Large volumetric mapping with light-sheet microscopy (mice and human)

We leverage the intrinsic optical sectioning, high contrast and direct fast 2D image recording of confocal light-sheet fluorescence microscopy (CLSFM) to obtain with cellular resolution three-dimensional reconstructions of large intact neuronal networks for an improved understanding of the mice and human brain structure. Both whole fixed mice brains and centimeter-sized human brain samples pose substantial biological and technical challenges due to their extension and inhomogeneous optical properties, consequently an optimized preparation protocol and dedicated CLSFM setup has been developed for each.

Mice

We are optimizing CLSM for imaging cm-sized samples with micrometer resolution and high image contrast. We recently devised RAPID, a method for real-time correction of the defocus introduced by the specimen itself. Further, we are investigating methods – including non-Gaussian beams and/or advanced pivoting strategies – to mitigate the shadowing artefacts typical of light-sheet illumination. We exploit the high resolution of our system to map cytoarchitecture in the whole mouse brain, and to reconstruct the vascular structure at the capillary level.

Human

We are developing a refined optical clearing method (SWITCH-TDE) to obtain transparent post-mortem human brain samples that are macromolecule-permeable and compatible with fluorescence immunostaining, given the impossibility to use genetically encoded fluorescent probes. Immunocytochemical staining methods for marker of different interneuron types in the human neocortex are being optimized in order to obtain morphology and molecular type data. 

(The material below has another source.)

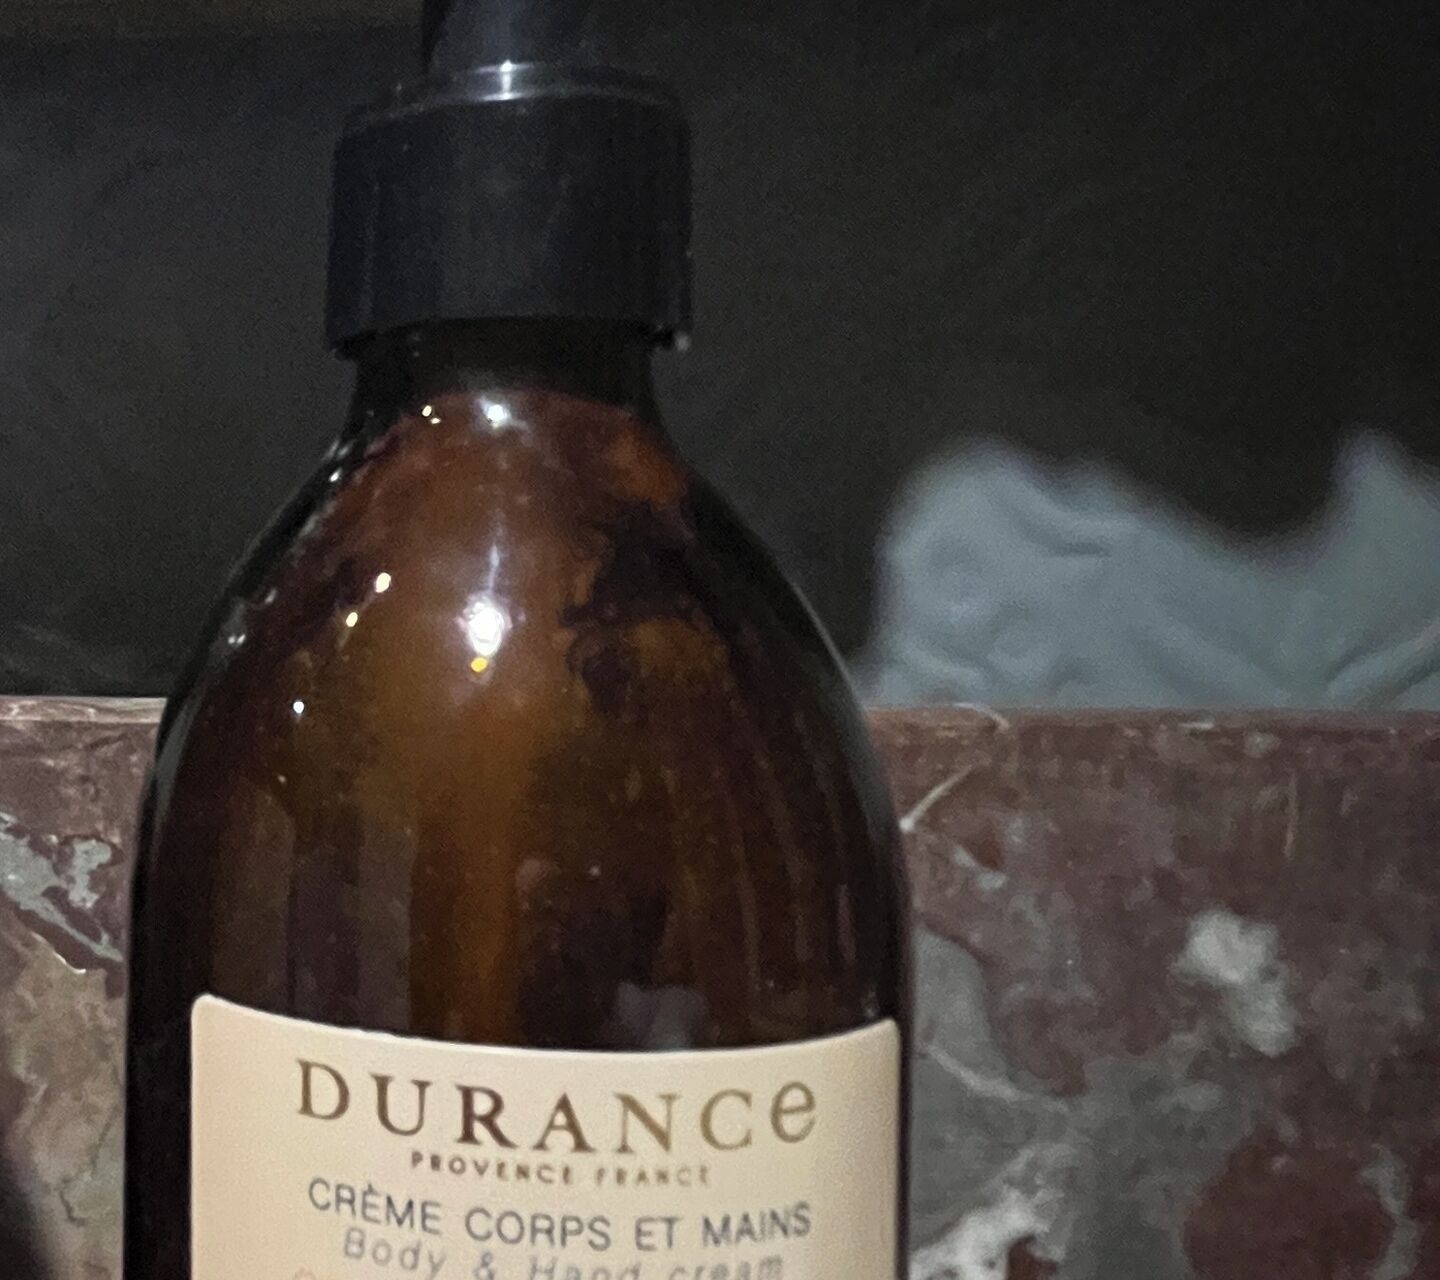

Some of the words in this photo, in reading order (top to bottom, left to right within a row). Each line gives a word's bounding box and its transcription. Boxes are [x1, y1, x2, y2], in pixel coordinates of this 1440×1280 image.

Imaging is performed by a custom dual-view inverted confocal light sheet fluorescence microscope (di2CLSFM). Our instrument, by leveraging the two orthogonal views, provides an almost isotropic micrometric resolution along the three optical axes and, due to its high volumetric speed of 8 mm3/minute, allows to capture centimeter-sized samples in up to four fluorescence bands within one hour. Finally, the acquired multi-TeraByte datasets demand advanced automatic image analysis pipelines for robust segmentation in order to extract multilevel maps of quantitative cell distributions and morphologies, categorized by type.